**AIM OF THE TASK:** A faithful copy of every record is needed here. Images must not appear in it.

*** Opening RECORDS FOR THE EXERCISE ***

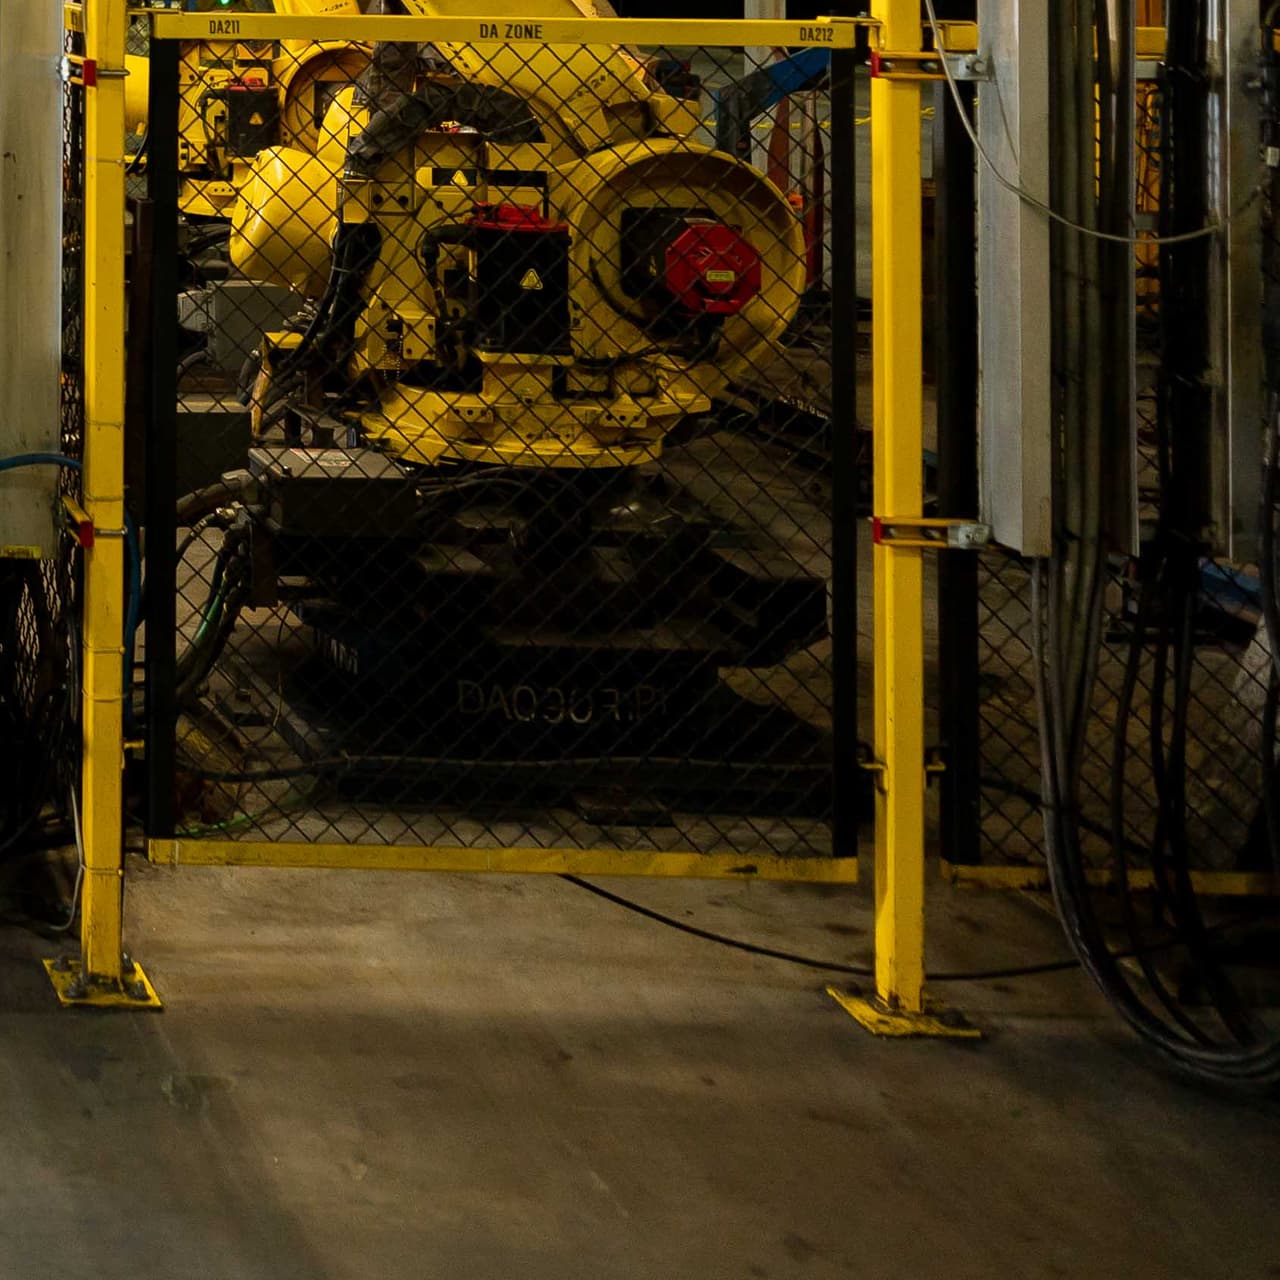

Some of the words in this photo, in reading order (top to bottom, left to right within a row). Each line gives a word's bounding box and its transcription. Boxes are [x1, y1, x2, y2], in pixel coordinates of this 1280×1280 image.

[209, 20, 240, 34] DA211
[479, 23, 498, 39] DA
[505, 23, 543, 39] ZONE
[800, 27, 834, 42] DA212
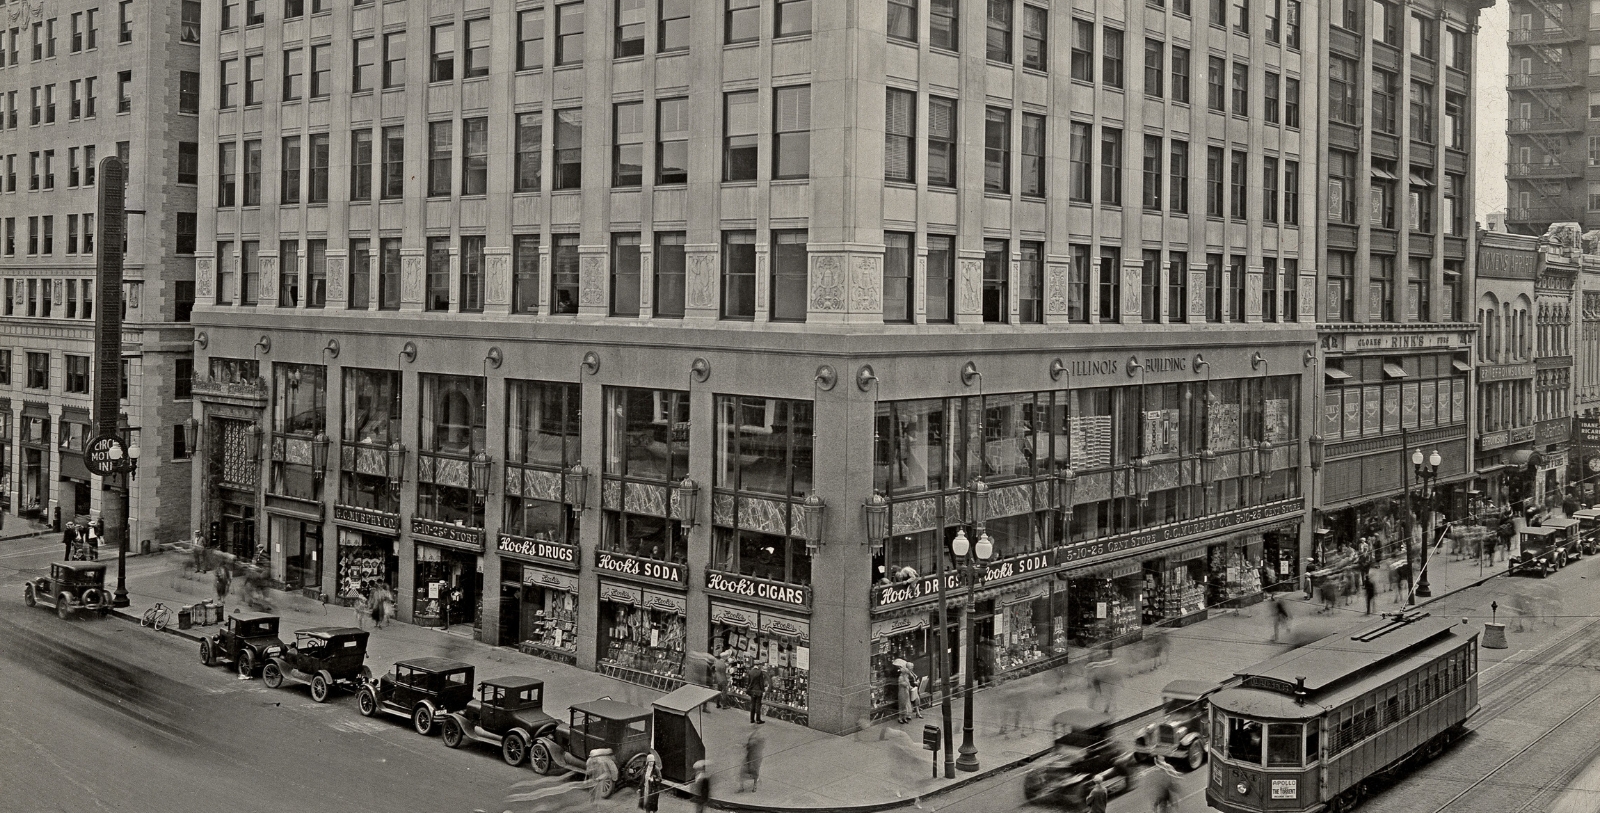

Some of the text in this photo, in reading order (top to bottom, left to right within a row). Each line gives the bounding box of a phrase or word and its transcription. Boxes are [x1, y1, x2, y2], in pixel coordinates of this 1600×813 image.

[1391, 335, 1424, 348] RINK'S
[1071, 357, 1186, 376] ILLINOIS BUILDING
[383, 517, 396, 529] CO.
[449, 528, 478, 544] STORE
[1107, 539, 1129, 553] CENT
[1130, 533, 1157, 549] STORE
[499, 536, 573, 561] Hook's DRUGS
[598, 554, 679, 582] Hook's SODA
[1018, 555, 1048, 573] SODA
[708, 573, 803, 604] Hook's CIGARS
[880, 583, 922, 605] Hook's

*** Closing RECORDS FOR THE EXERCISE ***

**THE ANSWER:**
Some of the words in this photo, in reading order (top to bottom, left to right within a row). Each line gives a word's bounding box and its transcription. Boxes are [x1, y1, x2, y2], in pixel coordinates of this 1280×1280 image.

[209, 20, 240, 34] DA211
[479, 23, 498, 39] DA
[505, 23, 543, 39] ZONE
[800, 27, 834, 42] DA212

Some of the text in this photo, in reading order (top to bottom, left to right within a row). Each line gives the bounding box of a phrase or word and its transcription. Boxes are [x1, y1, x2, y2], in pixel coordinates of this 1600×813 image.

[1391, 335, 1424, 348] RINK'S
[1071, 357, 1186, 376] ILLINOIS BUILDING
[383, 517, 396, 529] CO.
[449, 528, 478, 544] STORE
[1107, 539, 1129, 553] CENT
[1130, 533, 1157, 549] STORE
[499, 536, 573, 561] Hook's DRUGS
[598, 554, 679, 582] Hook's SODA
[1018, 555, 1048, 573] SODA
[708, 573, 803, 604] Hook's CIGARS
[880, 583, 922, 605] Hook's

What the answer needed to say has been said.